The Internet and mobile channels will one day overtake the traditional physical payments medium. Indeed, commentators already like to say that the "digital economy" is simply the economy. Therefore, let us stop struggling with stopgap Internet security measures, and let us stop pretending that PCI-DSS audits will stop organised crime stealing card numbers by the million. Instead, we should kill two birds with one stone, and use chip technology to secure both Card Present and CNP transactions, to deliver the same high standards of usability and security in all channels.
Until we render stolen card data useless to criminals, the Return on Investment will remain high for even very sophisticated attacks (or simply bribing insiders), and spectacular data breaches like Target's will continue.
The Australian Payments Clearing Association (APCA) releases card fraud statistics every six months for the preceding 12m period. Lockstep monitors these figures and plots the trend data. The latest stats were released this week, for FY 2012.

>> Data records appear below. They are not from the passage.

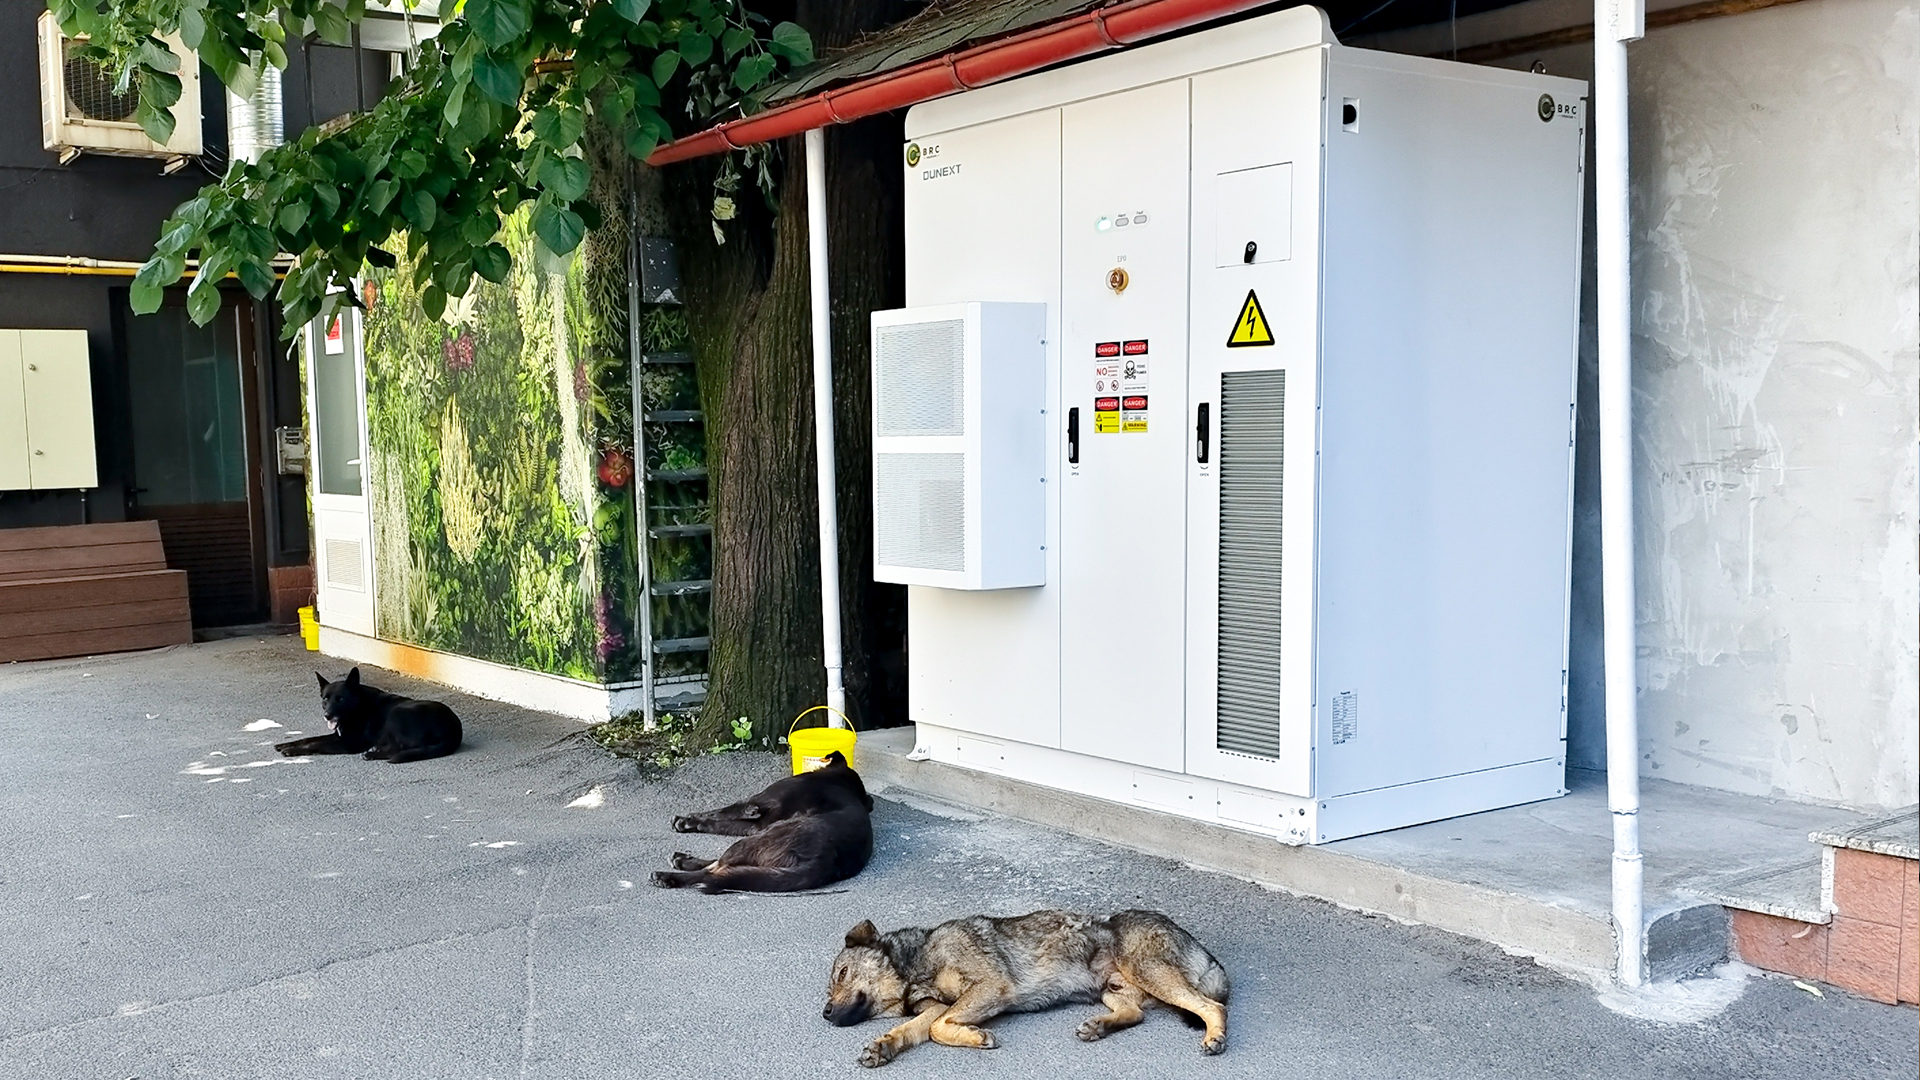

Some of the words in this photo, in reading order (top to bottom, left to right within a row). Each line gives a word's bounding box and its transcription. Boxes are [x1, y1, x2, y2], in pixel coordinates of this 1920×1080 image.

[1557, 103, 1577, 115] BRC
[922, 145, 940, 156] BRC
[923, 163, 962, 181] DUNEXT
[1097, 346, 1119, 354] DANGER
[1124, 343, 1146, 352] DANGER
[1096, 367, 1107, 376] NO
[1097, 400, 1118, 408] DANGER
[1124, 399, 1146, 407] DANGER
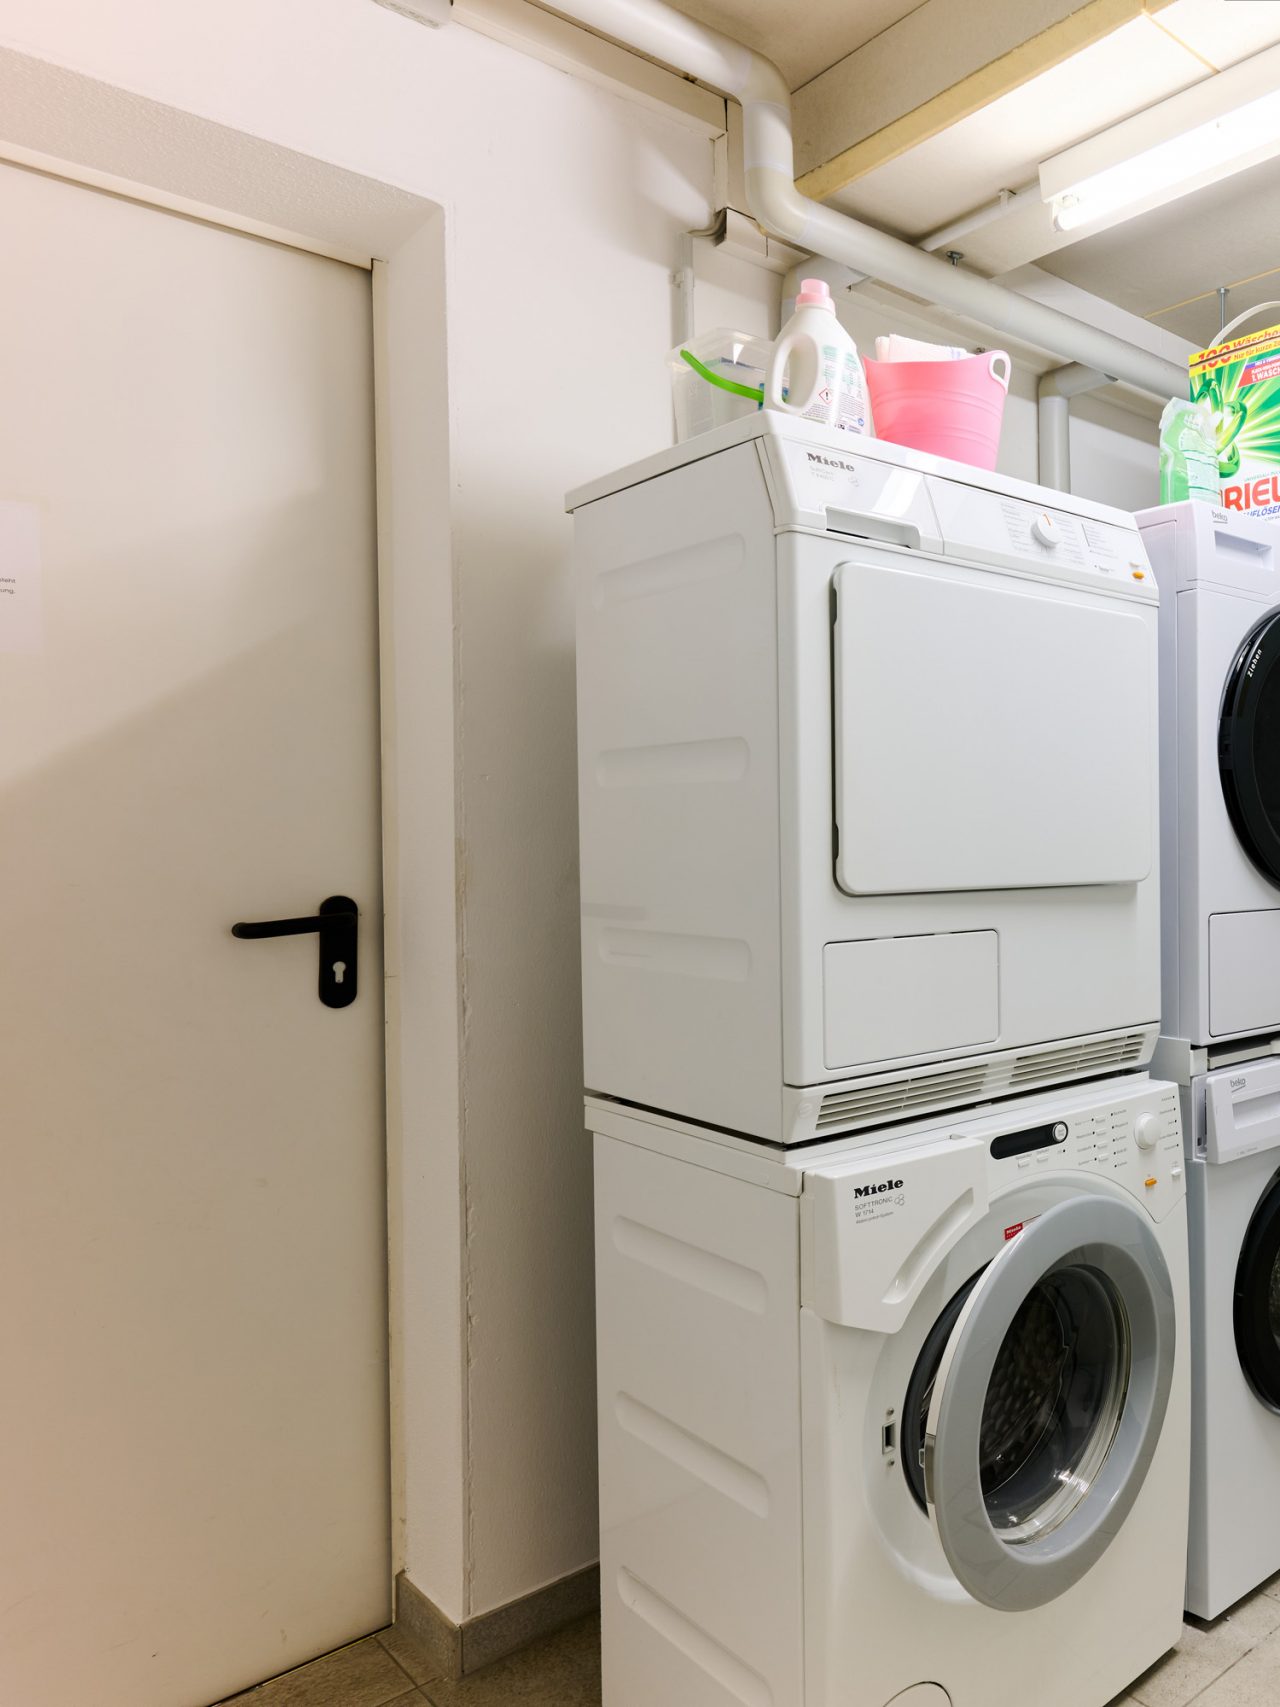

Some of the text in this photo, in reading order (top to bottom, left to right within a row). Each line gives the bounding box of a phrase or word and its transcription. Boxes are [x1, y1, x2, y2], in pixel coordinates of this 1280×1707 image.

[806, 452, 855, 472] Miele
[1247, 649, 1262, 677] Ziehen
[854, 1179, 904, 1199] Miele
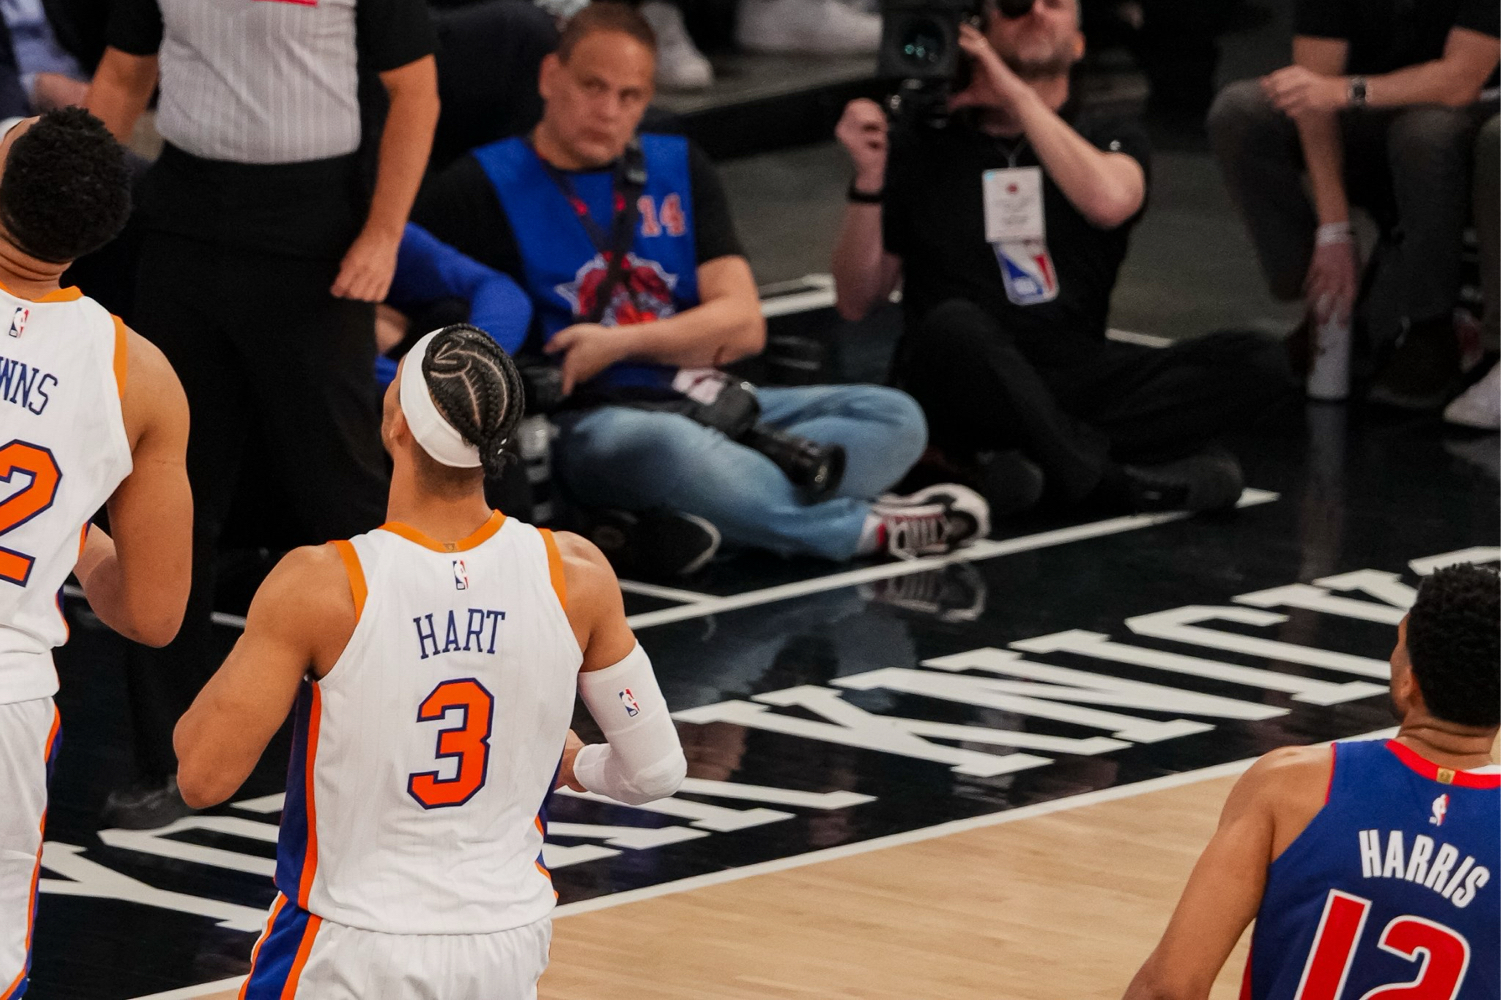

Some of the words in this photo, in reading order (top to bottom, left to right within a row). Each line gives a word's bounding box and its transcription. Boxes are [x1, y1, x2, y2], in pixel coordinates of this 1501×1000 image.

[637, 192, 686, 238] 14
[413, 607, 506, 660] HART
[407, 677, 495, 810] 3
[1358, 829, 1491, 909] HARRIS

Here's the latest picture of Australian payment card fraud growth over the past seven financial years FY2006-12.
Compared with FY2011:
- Total card fraud is up 25%
- CNP fraud is up 27%
- CNP fraud represents three quarters (72%) of all card fraud.
- Card Not Present fraud as a proportion of all fraud remains at just under three quarters (72%).
As with the CY2011 stats we discussed last July, card fraud has again grown in all categories at once, not just Card Not Present, and this is unusual. The explanation may be a burst of skimming and counterfeiting in late 2011 which would be reflected in both the FY2012 and CY2011 numbers.
APCA's press release this week notes that card fraud has dropped in the past six months, contrasting financial 2012 ($189M) with calendar 2011 ($198M). This may not be a statistically valid comparison. We should expect seasonal buying habits will cause asymmetries within 12 months, making FY against CY a case of apples and oranges. Indeed, this looks like the first time APCA themselves have plotted CY and FY stats together. It certainly makes the latest figures look better.
Time will tell whether the trend is changing. The long term trend is that CNP fraud has grown at 38% p.a. on average, from $27M in FY2006 to $189M in FY2012. A 5% drop in the past six months may not mean much. The $189M loss most recently reported is probably close to the true trend.
APCA says "Broadly, the value of CNP fraud reflects growing retail activity in the online space, with many more businesses ... moving online". That's true but the question is: What will we do about it? Bank robbers rob banks because that's where the money is. Think about high road tolls: they reflect the popularity of driving, but we don't put up with them!
In any case, a cardholder's exposure to CNP fraud has nothing to do with whether they themselves shop online! Stolen card data are replayed online by criminals because they can. The online boom provides more places to use stolen cards but it's not where the criminals get most of their cards. Instead, it appears that account numbers are mostly obtained from massive database breaches at processors and large bricks-and-mortar retailers, like Heartland Payments, Global Payments, and Hannaford. So it's not fair to play down CNP fraud as relating to the cost of going digital, because it hurts people who haven't gone digital.
I'm afraid payments regulators seem light on ideas for actually rectifying CNP fraud.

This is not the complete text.